The article, titled “Science is revealing why American politics are so intensely polarized,” opens with a story of Trump supporters booing and raising their middle fingers at the media. It quotes several voters who are highly affectively polarized, all of whom are conservatives. (“Affective polarization” is a political science term essentially meaning that people feel anger and fear toward their political opponents.) The only mention of Biden supporters, by contrast, is a picture of a diverse group of college students diligently making signs for Biden’s campaign.

The subtext is clear: One side is contributing to the problem of affective polarization a lot more than the other side.

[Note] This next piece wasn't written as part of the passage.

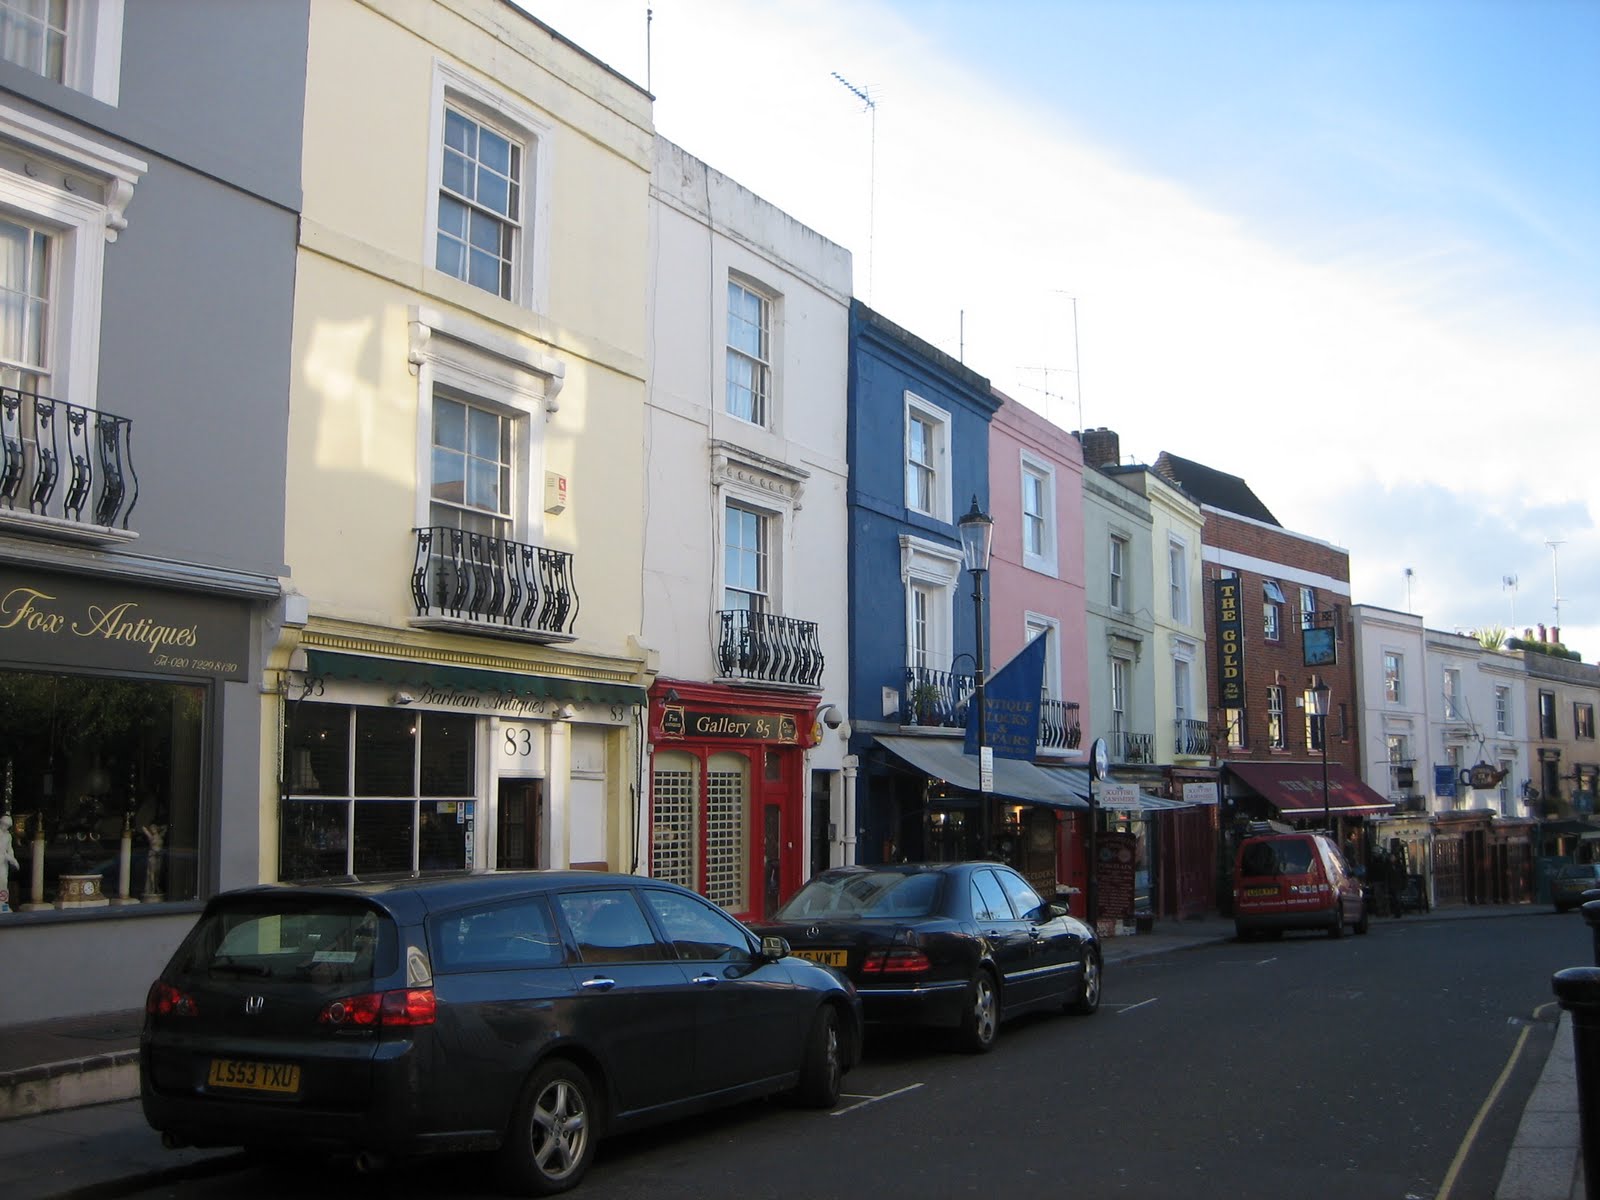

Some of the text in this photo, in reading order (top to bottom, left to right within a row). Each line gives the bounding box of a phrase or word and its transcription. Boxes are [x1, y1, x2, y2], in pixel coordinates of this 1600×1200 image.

This implication is wrong-headed: Data show that both major political parties are contributing to affective polarization. As the article itself notes in one of its few nods to both sides being a problem, about 30% of people in both parties agreed that members of the other party “lack the traits to be considered fully human — they behave like animals.”

Both sides also struggle to see the other side clearly. A 2018 study noted how stark our lack of understanding of the other side is. “People think that 32% of Democrats are LGBT (vs. 6% in reality),” the study noted, “and 38% of Republicans earn over $250,000 per year (vs. 2% in reality).”

And while the Washington Post’s selective quotes might suggest that conservatives are more close-minded, studies show that both teams tend to be equally dogmatic. A 2018 survey published by Survey Sampling International and Cards Against Humanity asked partisans on both sides the following question: “If scientific evidence proved that the policies favored by [the other party] improved the economy, lowered crime, and made citizens happier, would you become a [member of that party]?” Eighty-six percent of Democrats and 88% of Republicans said no.

Insulting and caricaturing Trump supporters may even be increasing our societal levels of affective polarization. Democrats who read the Washington Post’s piece are going to leave with a distorted and negative view of Republicans. This isn’t hypothetical; it’s already happened. According to a 2018 Axios poll, 61% of Democrats consider Republicans to be “racist/bigoted/sexist.”

This astonishingly negative view is probably driven in part by the constant drumbeat of the legacy media calling Republicans racists and white supremacists. There’s little recognition among center-left or leftist outlets that someone might have virtuous reasons for voting for Trump or that nonwhite folks might see something in him worth voting for.

Pieces such as this one also threaten to move Trump supporters further away from the middle. One of the most effective small-government advocates of the 20th century and the founder of the Foundation for Economic Education, Leonard Read, put it this way in his book Who’s Listening?, “Intolerance, confrontation, disgust with those of opposed views engender not improvement in others but resentment, not progress but regress.”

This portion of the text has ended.